Judge Ward is given much of the credit: Much of that activity is thanks to Ward. After he was appointed to the bench in 1999, he required plaintiffs and defendants to immediately turn over relevant information, shortening the time period for pre-trial evidence gathering. He also sanctions lawyers who don't move quickly enough to exchange evidence or who withhold information. And he requires both sides to find claim terms they can agree on, leaving fewer to be disputed in court. "Marshall had one of the fastest dockets going for some period of time," said Steve Akerley of McDermott, Will & Emery in Palo Alto, Calif., who has handled cases in the town.

There is information provided by LegalMetric, a St. Louis-based company that tracks patent litigation. Patent owners won 12 of 15 patent trials from 1994 to March, including 9 out of 10 by jury trial, Upchurch of LegalMetric noted. Nationwide, patent owners win about two-thirds of all jury trials. Two-thirds of cases end in settlement, about the national average.

With the wins for patent owners in the Microsoft and TiVo cases included, the victory rate for jury verdicts since 1994 is 92 percent.

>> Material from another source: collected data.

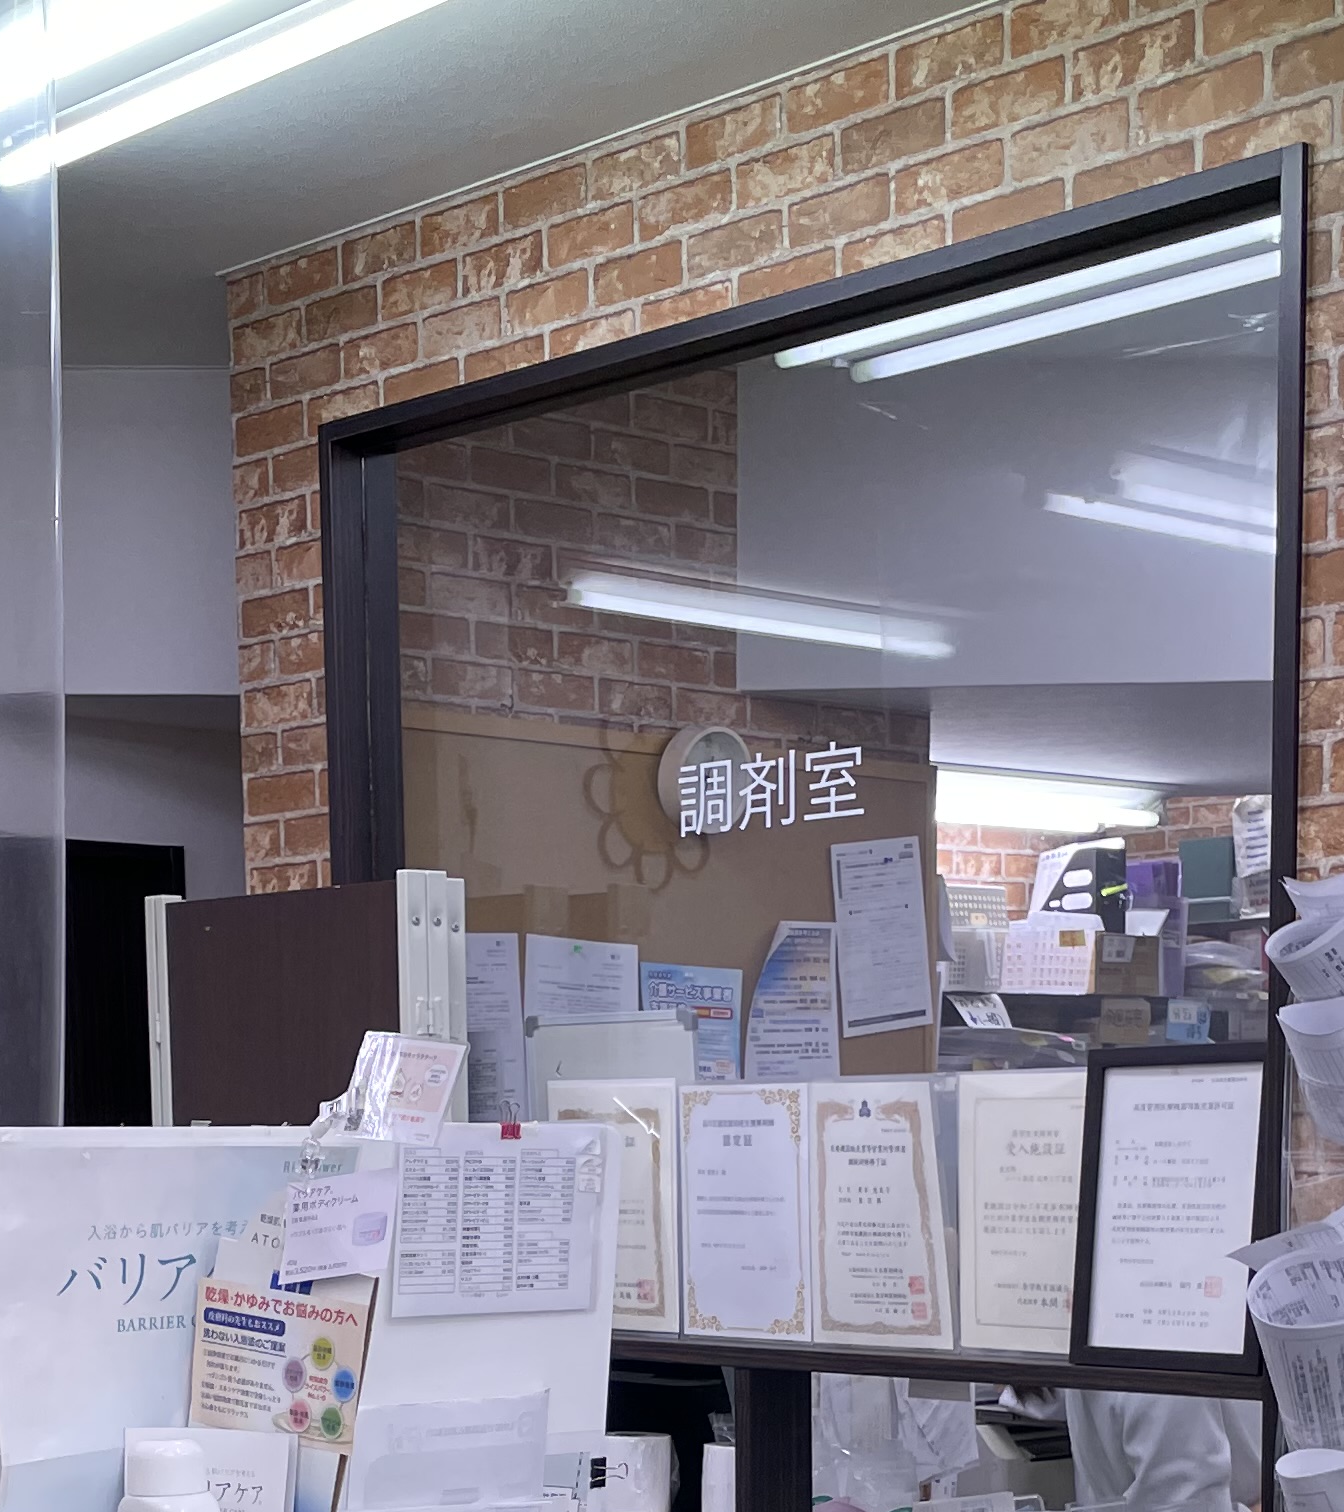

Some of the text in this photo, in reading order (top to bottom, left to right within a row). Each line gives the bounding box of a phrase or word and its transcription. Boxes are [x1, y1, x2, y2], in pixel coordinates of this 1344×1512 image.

[677, 742, 867, 839] 調剤室
[56, 1253, 215, 1306] バリア
[117, 1315, 186, 1333] BARRIER
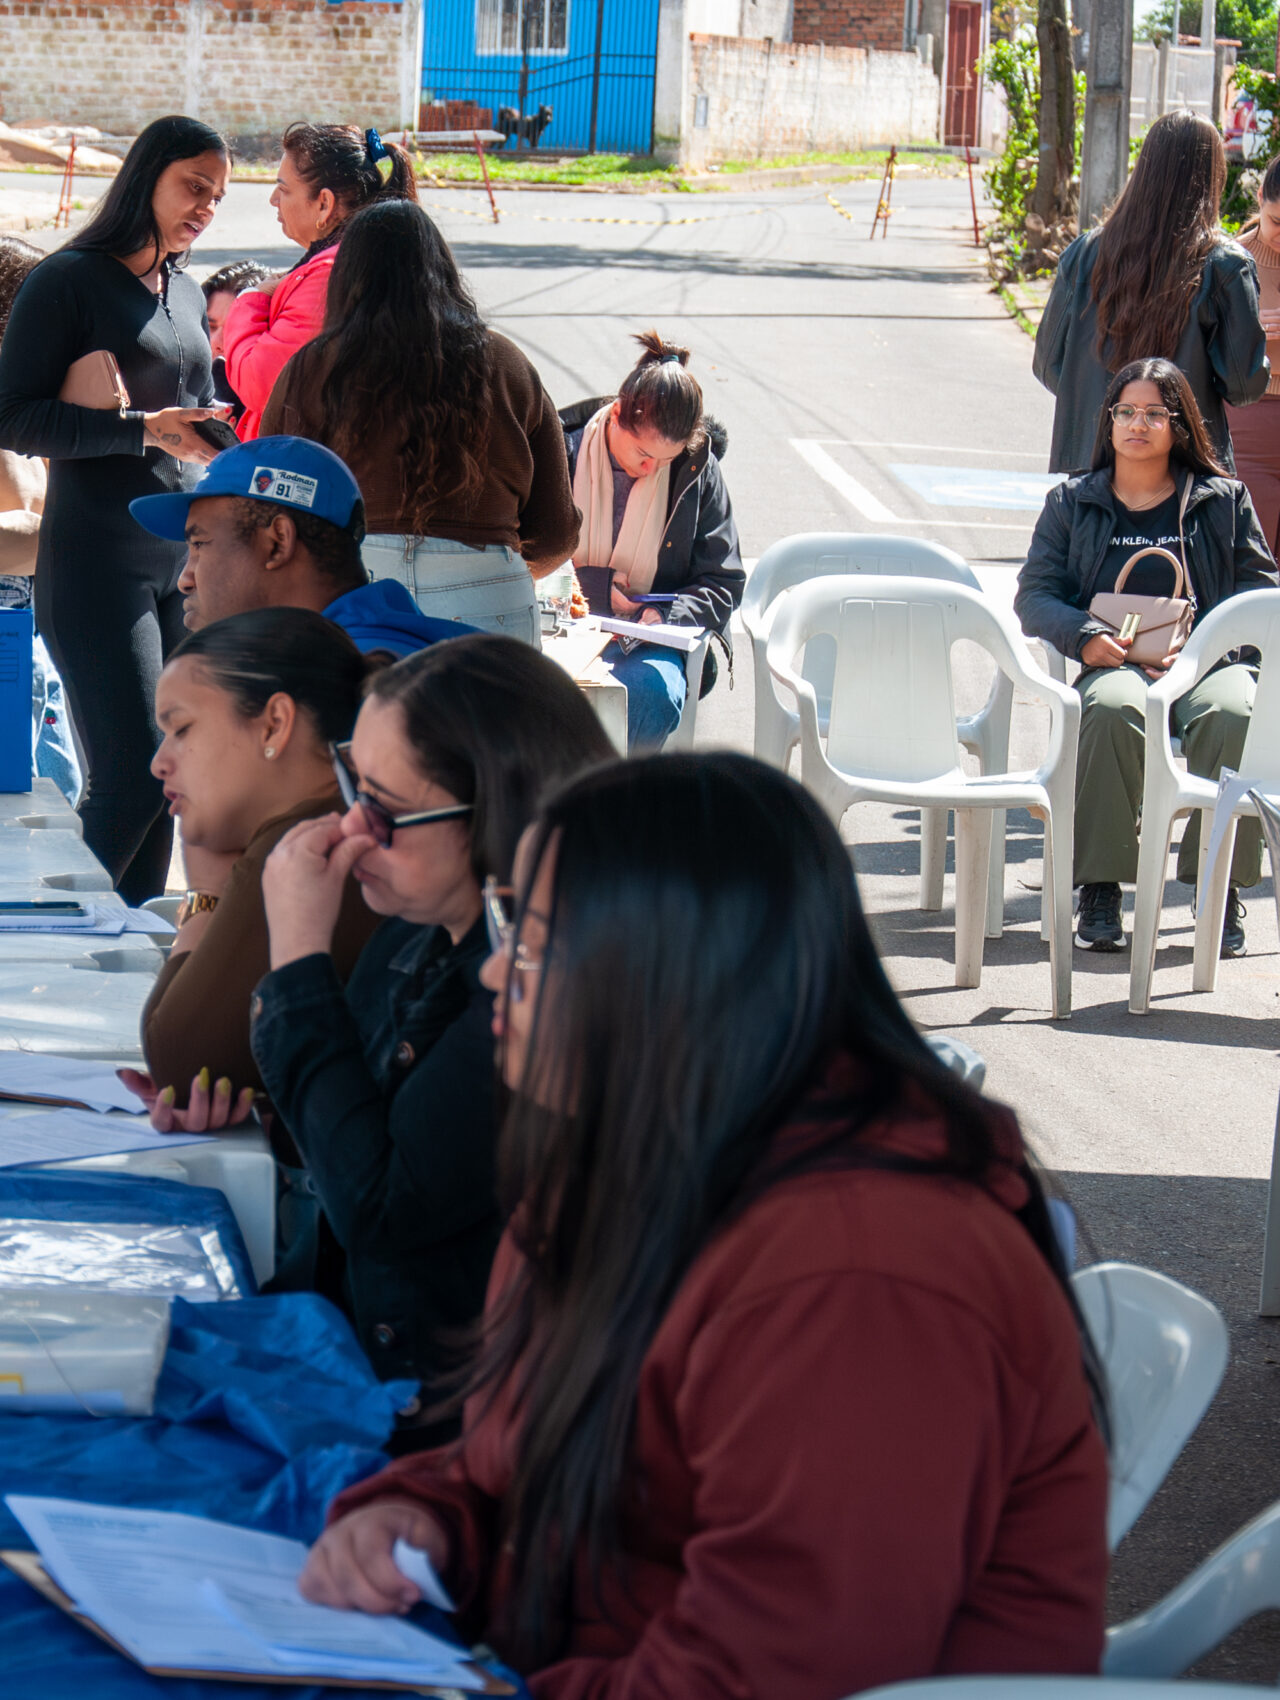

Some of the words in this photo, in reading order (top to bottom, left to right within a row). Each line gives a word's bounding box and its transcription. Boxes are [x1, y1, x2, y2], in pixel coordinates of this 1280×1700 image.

[278, 471, 315, 486] Rodman
[276, 483, 291, 498] 91
[1122, 536, 1153, 546] KLEIN

A company sued for infringement can claim as a defense that the invention wasn't really new. [i.e., asserting the patent is invalid under 102 or 103.] Finding a patent invalid can be a hard decision for a juror. Under federal law, a patent is presumed valid unless proved otherwise. Ruling it invalid has the effect of overturning a U.S. government decision. [In the nation generally, invalidity determinations have declined in the last 20 years, but noninfringement determinations have increased.]

Property rights and respect for government resonate particularly strongly in East Texas.


There are other rocket docket districts, such as ED Va. There will be more rocket-docket districts. Already, other courts are looking to pick up some of Marshall's slack. Pittsburgh courts have adopted "aggressive patent rules" that promise to resolve cases quickly and the city offers better local hotels and attractions than eastern Texas, said Rob Lindefjeld of Jones Day in Pittsburgh, a member of the American Bar Association's intellectual-property law group. And, Gerald Schatten, too.